She could see farms in the distance, surrounded by green meadows where livestock grazed, and high up above, towering on the skyline, as familiar as her own face, were the fells, the rugged guardians of the lakes.
Had Nathan the same love of this lakeland valley as she had? she wondered. Had he ever longed to be back in the place where his roots were during those hot days in Africa? If he had it would be at least one thing they had in common, she thought wryly, and wondered how many fish he and Toby had caught in the river beside John’s pine lodge.
The answers to the questions in her mind were nearer than she thought as his voice came from behind and as she turned swiftly he said, ‘I used to dream I was doing the round trip on one of these boats when I was far away. Sometimes it was the only thing that kept me sane.’
Before he could elaborate further Toby was tugging at her sleeve and announcing excitedly, ‘We’ve caught some fish, Dr Hamilton.’
‘Really!’ she exclaimed, suitably impressed. ‘How many?’
‘Two. A salmon and a pike,’ he announced.
‘But we had to throw the pike back into the water because it is a special fish,’ Nathan explained.
‘And so where is the salmon now?’
‘Dad is cooking it for us for when we get back,’ Nathan informed her, ‘but first I wanted Toby to sail on the steamer.’ In a low voice he added, ‘I’m sorry if you feel that I’m everywhere you turn, Libby. I had no idea you were on board. Would you like to come back and join us? There will be plenty of fish to spare.’
Temptation was staring her in the face, but she was not going to succumb. It was going to be a strictly working relationship that she had in mind for them and nothing else, so she said politely, ‘Thanks for the invitation, but I have a regular table booked at my favourite restaurant and wouldn’t want to let them down.’
He was getting the message, Nathan thought. Not exactly the cold shoulder, but the ‘I have not forgotten’ treatment, and he wished, as he had done many times before, that he had got in touch with Libby the moment he’d arrived in Africa and at the very least apologised to the beautiful girl whose heart he had broken.

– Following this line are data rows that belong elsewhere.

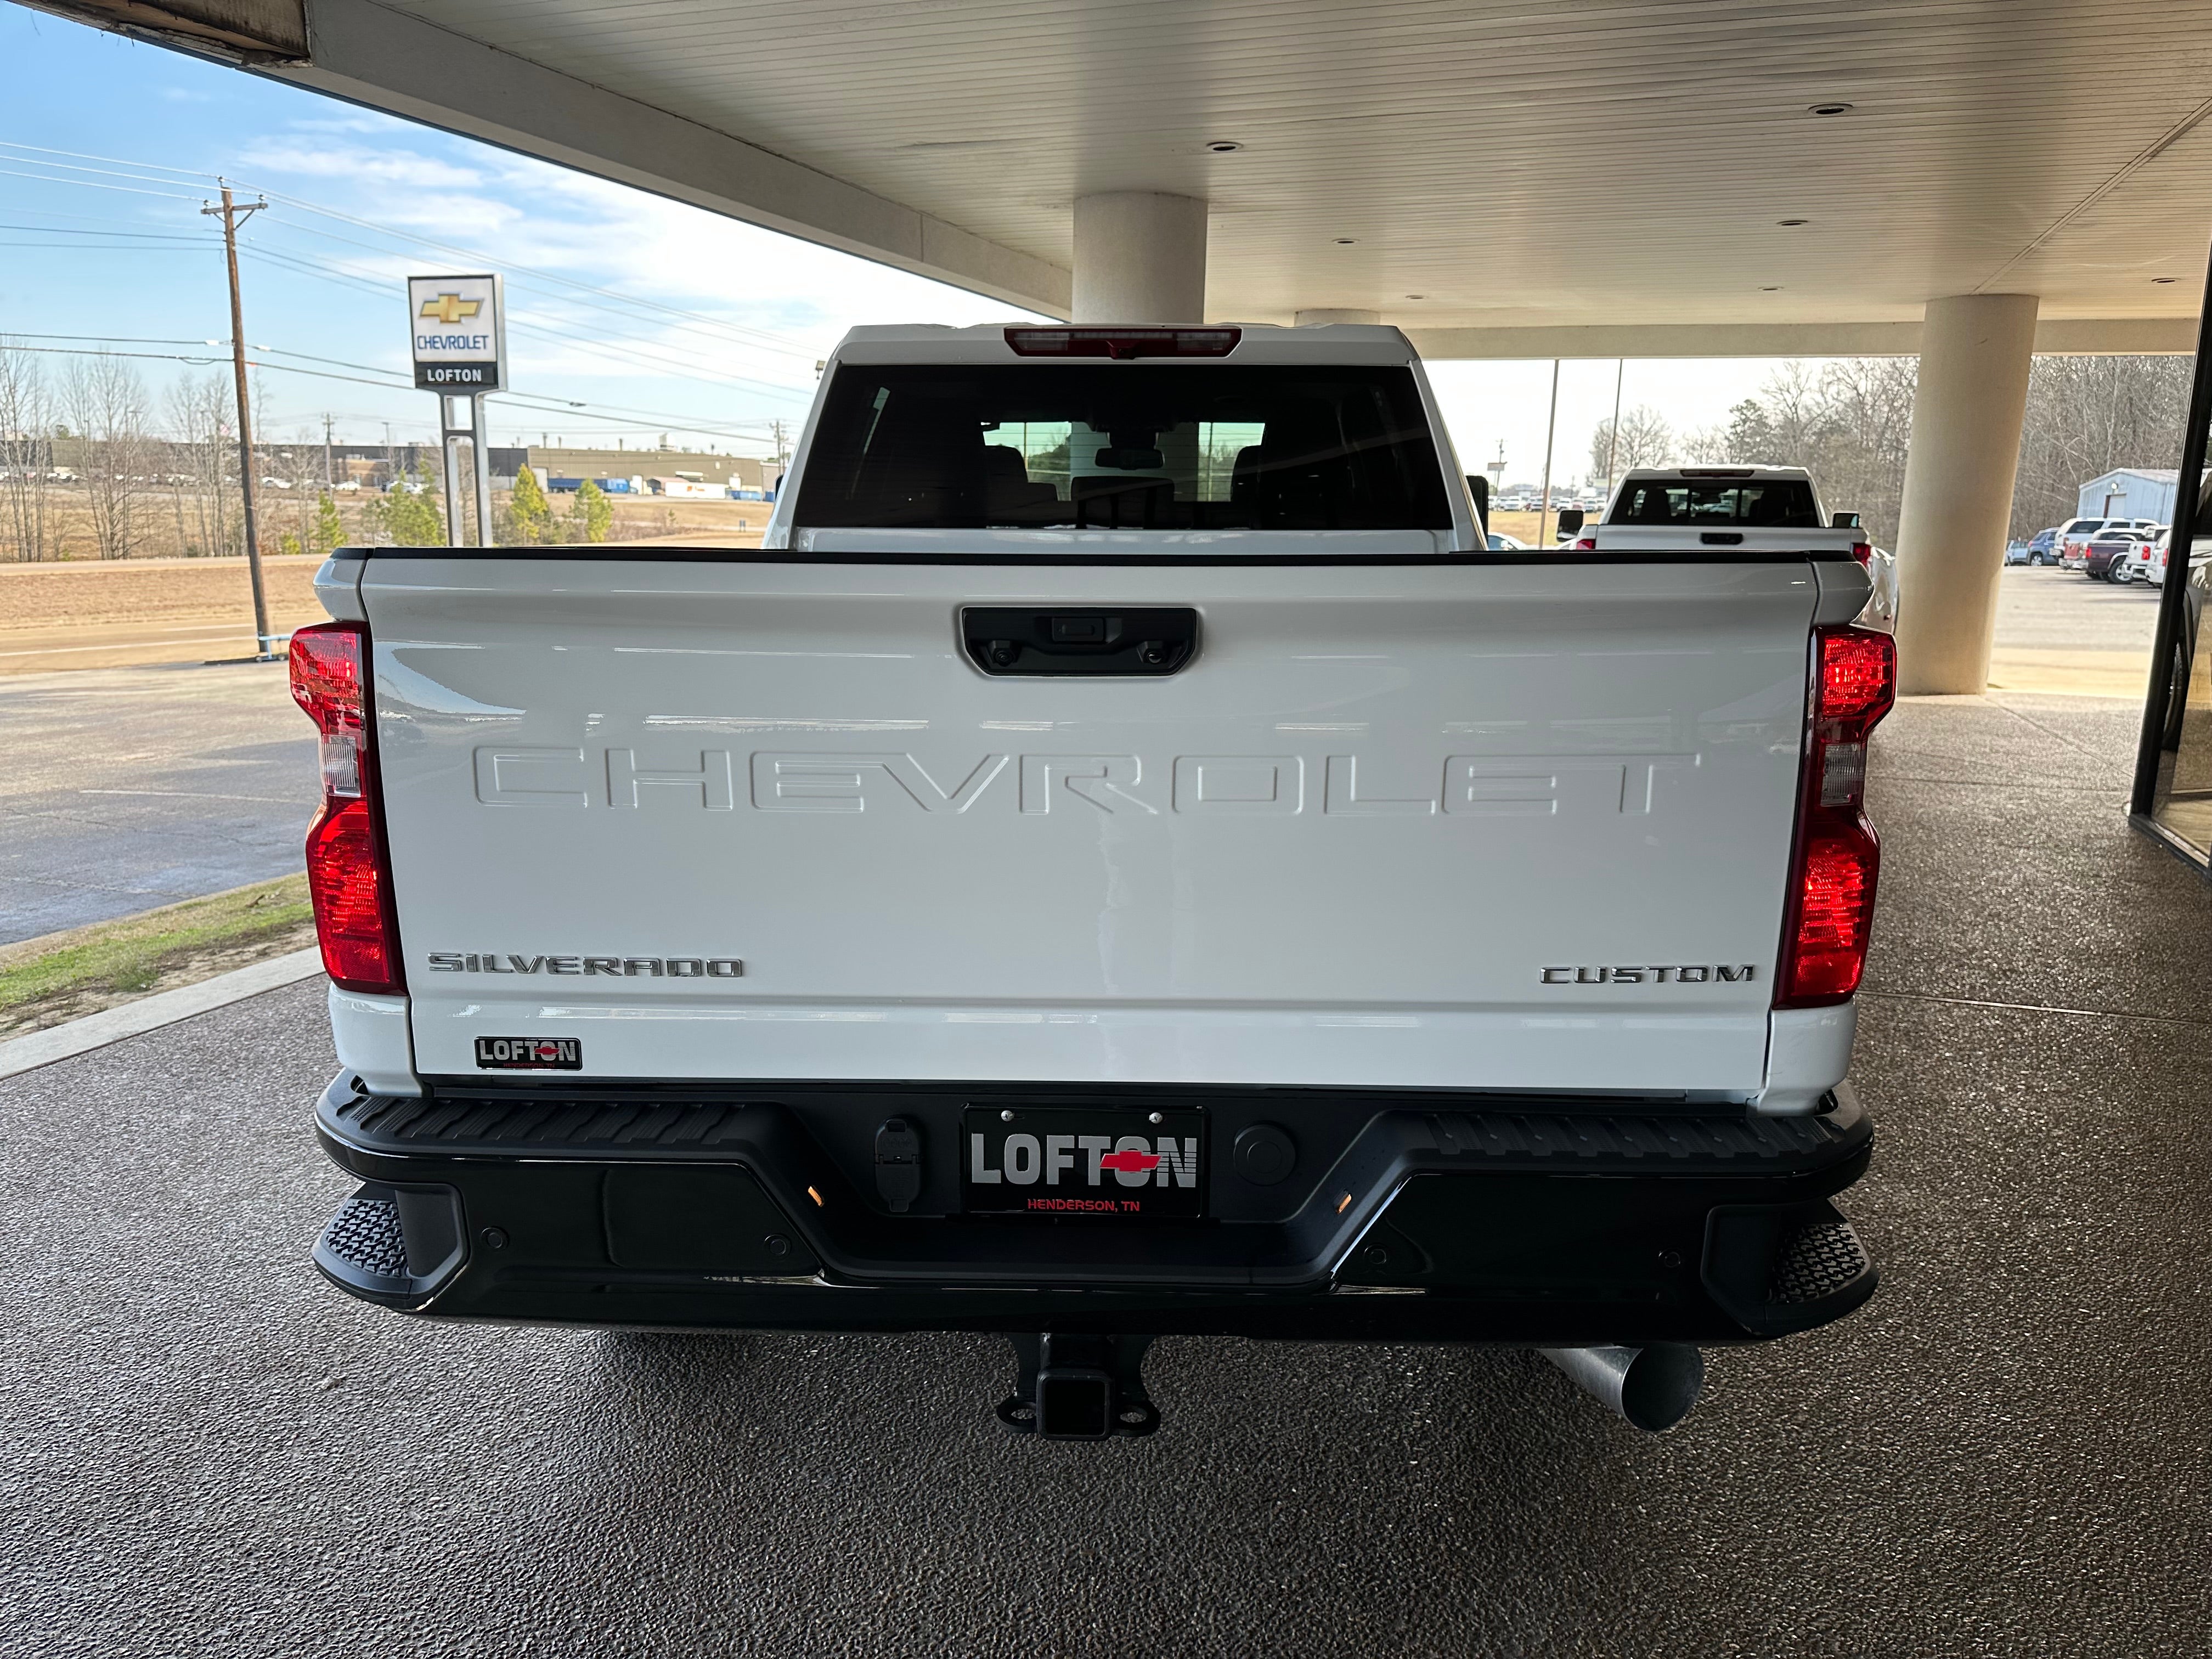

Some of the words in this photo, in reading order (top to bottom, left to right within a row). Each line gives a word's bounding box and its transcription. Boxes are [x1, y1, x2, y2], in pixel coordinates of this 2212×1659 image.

[417, 335, 489, 350] CHEVROLET
[427, 369, 482, 382] LOFTON
[473, 746, 1701, 816] CHEVROLET
[427, 952, 743, 978] SILVERADO
[1539, 964, 1755, 984] CUSTOM
[479, 1040, 576, 1061] LOFTON
[972, 1133, 1197, 1188] LOFTON
[1028, 1198, 1118, 1212] HENDERSON,
[1121, 1200, 1141, 1211] TN

But the timing had been wrong all along the line, beginning with him discovering at the airport that he wasn’t as indifferent to Libby Hamilton as he’d thought he was, followed by the knowledge that his flight was due to be called any moment, and overriding everything else, at the forefront of his mind, had been his commitment to the hospital in Africa.
The outcome of it had been that he’d been dumbstruck by the suddenness of it all, and had sent her away, then months later there had been his dash across half the world to speak to Libby before she became Jefferson’s wife but he’d missed his chance by seconds and returned to Africa with his questions unanswered.
But now he was home, back in Swallowbrook once more, and she was minus a husband, though undoubtedly still reeling from grief, and he was still no nearer to knowing how deep her feelings had been that day at the airport. It could have been a carry-over from her schoolgirl crush. In fact, it must have been a short-lived infatuation judging from the speed with which she’d married Ian Jefferson, and there had certainly been no chemistry between them since he’d turned up out of the blue with Toby. Plenty of being put in his place but no rousing of the senses for either of them as far as he could tell.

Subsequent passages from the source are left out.